In the skies, India has almost 2000 aircraft and 550 helicopters. Italy’s air power, while impressive, lags far behind India, with 770 total aircraft,
In the sea, Indian navy has 170 vessels, including one aircraft carrier, 14 frigates, 8 destroyers, 15 submarines and sixteen amphibious assault vehicles.
It is in its navy where Italy has a distinct advantage over India; Rome boasts 179 military vessels, including two aircraft carriers, and 54 amphibious assault units.
Separately, New Delhi’s defense budget last year totaled some $44 billion (versus $32 billion for Italy).
Moreover, due to the euro zone economic crisis, Italy has been forced to enact a round of defense spending cuts. Indeed in terms of GDP, Italy’s expenditures on defense is now less than 2 percent, while for India it is about 2.5 percent.
Overall, GFP ranks India has having the fourth most powerful military in the world, behind only the U.S., Russia and China -- while Italy ranks ninth.
India is also a nuclear power, with an estimated 80 to 100 nuclear warheads.
But Italy has nuclear warheads, too… kind of.
Under a nuclear weapons sharing program with the U.S., Italy is believed to have access to between 20 and 40 warheads at its Ghedi air base and 50 such weapons at Aviano.
However, any discussion of Italy's military strength must be considered in context of its membership in the North Atlantic Treaty Organization (NATO). Indeed, any military attack on Italy would constitute an attack on all 28 NATO members -- which includes the most powerful nation on earth, the U.S. -- and trigger reprisals.
NATO is an extremely formidable military entity – consider that in 2010, the members of the coalition accounted for almost three-fourth of global defense spending, according to the Stockholm International Peace Research Institute (SIPRI).
The combined population of NATO members, a little over 900 million, does not quite match India’s teeming mass of humanity, but the 28 members of the alliance -- spanning 25 European states, US, Canada and Turkey – enjoy superior firepower. The U.S. alone has more than 5,000 nuclear warheads at its disposal.
In addition, a war between Italy and India would present serious logistic challenges – New Delhi and Rome are separated by some 3,700 miles – not to mention the frenzy such a confrontation would trigger in Moscow, Beijing and India’s biggest enemy, Islamabad, Pakistan.
Granted, diplomats around the world and the United Nations would scurry like mad to prevent a war that would benefit neither party. Indeed, Italy and India are both capitalist democracies (more or less), while a war would also be extremely unpopular in both countries.
India has been attempting to move closer to the West – an attack on a prominent NATO member like Italy would seriously damage, perhaps destroy, such overtures.

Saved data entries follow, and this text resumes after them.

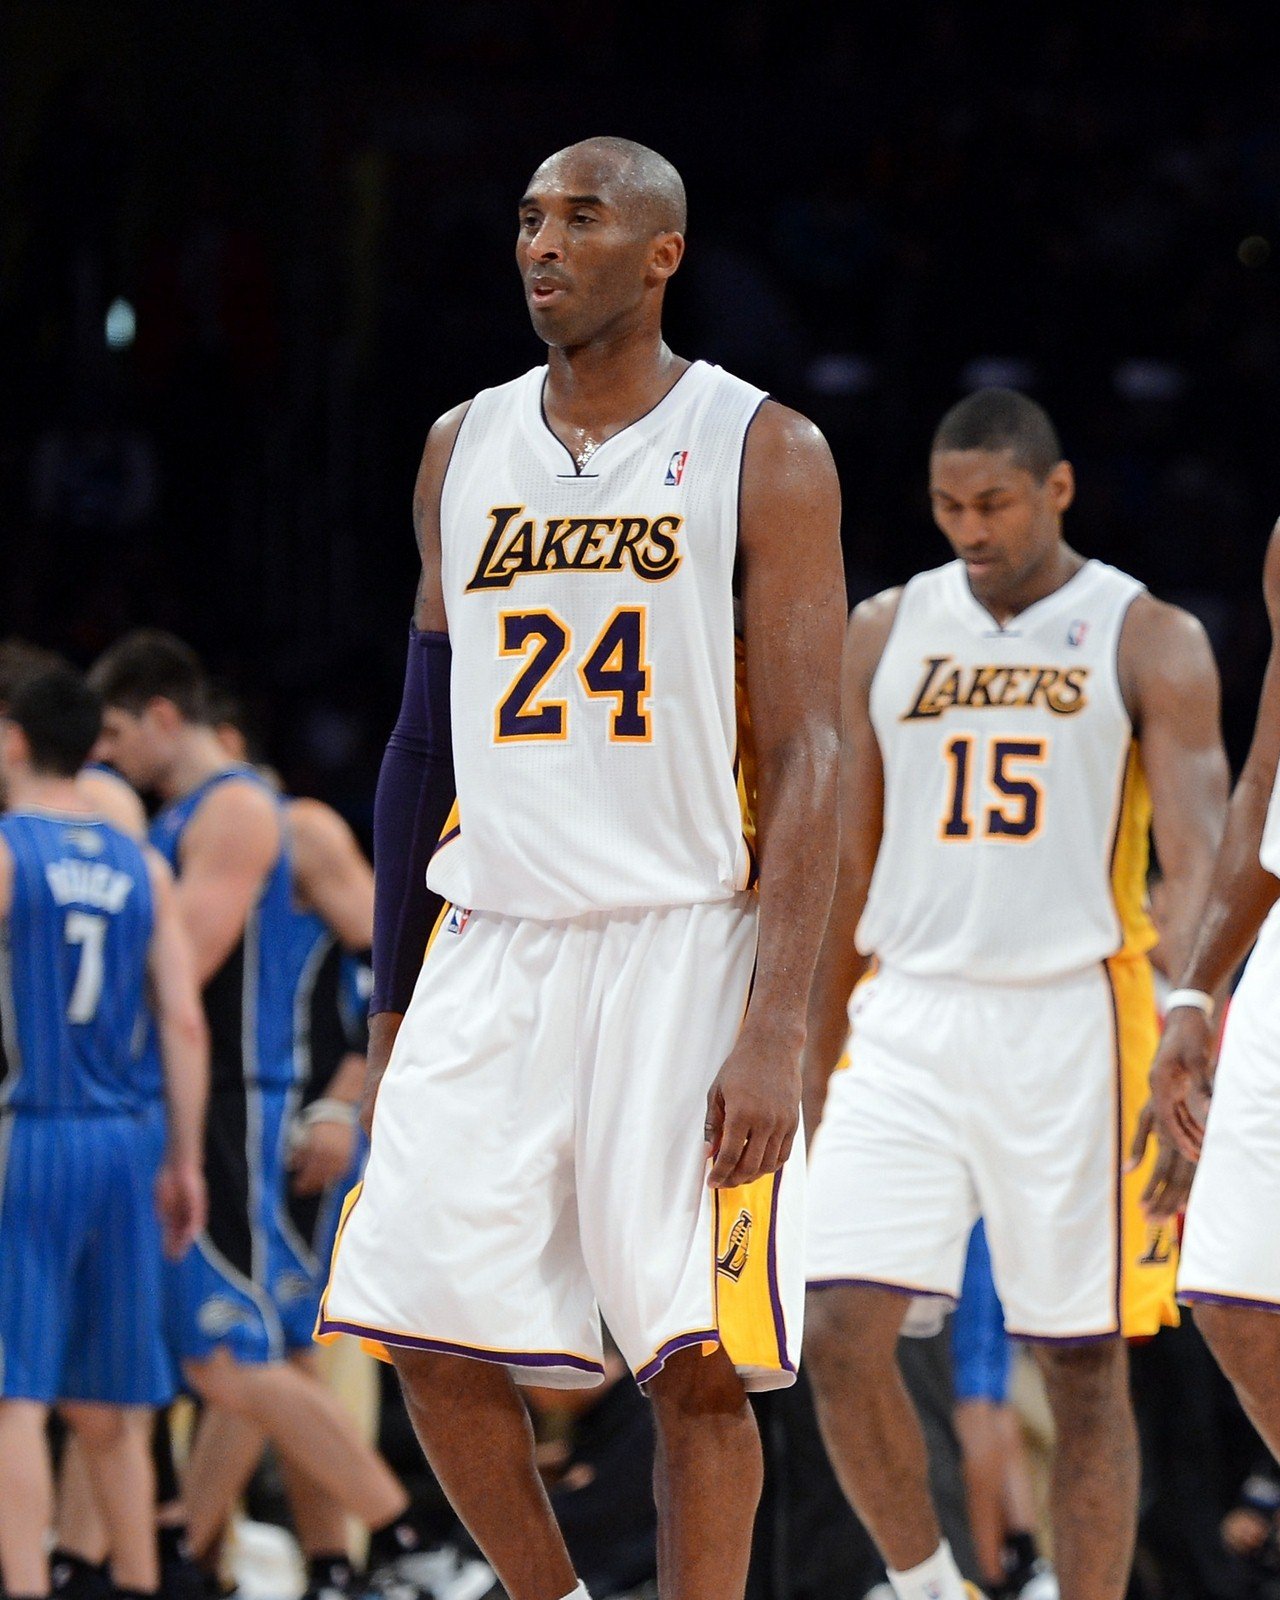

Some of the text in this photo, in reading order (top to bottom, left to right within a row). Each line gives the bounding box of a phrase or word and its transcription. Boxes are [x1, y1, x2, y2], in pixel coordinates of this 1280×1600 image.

[463, 503, 685, 594] LAKERS
[493, 605, 653, 743] 24
[899, 654, 1089, 722] LAKERS
[938, 733, 1047, 842] 15
[64, 909, 108, 1026] 7
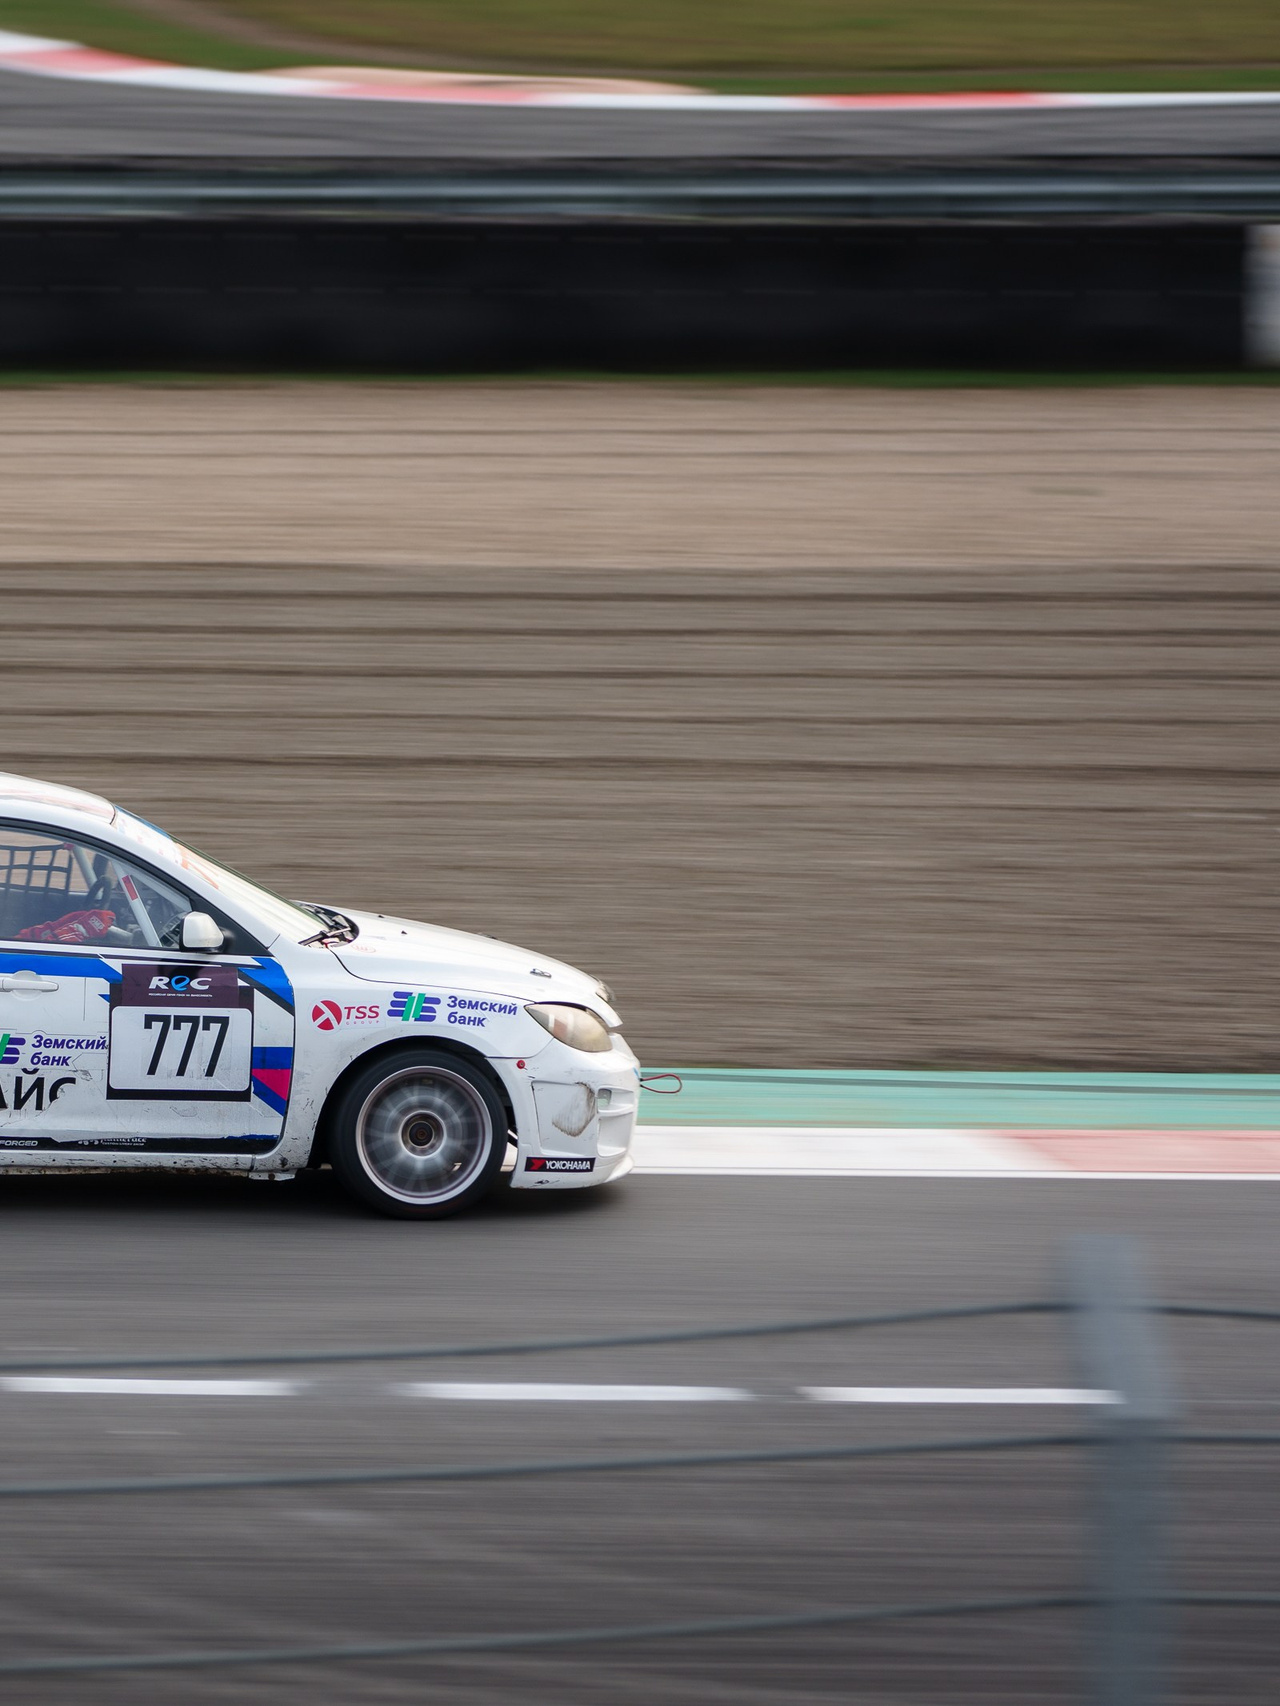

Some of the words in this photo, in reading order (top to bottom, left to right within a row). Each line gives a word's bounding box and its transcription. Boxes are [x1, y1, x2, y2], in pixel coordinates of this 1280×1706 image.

[344, 1005, 380, 1019] TSS
[447, 995, 518, 1016] Земский
[447, 1012, 487, 1027] банк
[31, 1034, 107, 1050] Земский
[144, 1014, 230, 1077] 777
[30, 1052, 72, 1066] банк
[545, 1160, 591, 1170] YOKOHAMA

Italy, deeply mired in a financial crisis, simply cannot afford to engage in something as complex and costly as a war with a distant nation.
India and Italy also enjoy strong trade relations -- Daniele Mancini, Italy’s ambassador to India, recently said that India is already one of the ten largest destinations for Italian investments and estimated that by 2015, bilateral trade will increase to 15 billion euros.
No one wants to risk that kind of money.
One more complicating factor: the leader of India’s ruling Congress Party, i.e., the most powerful person in India, is Sonia Gandhi, an Italian woman.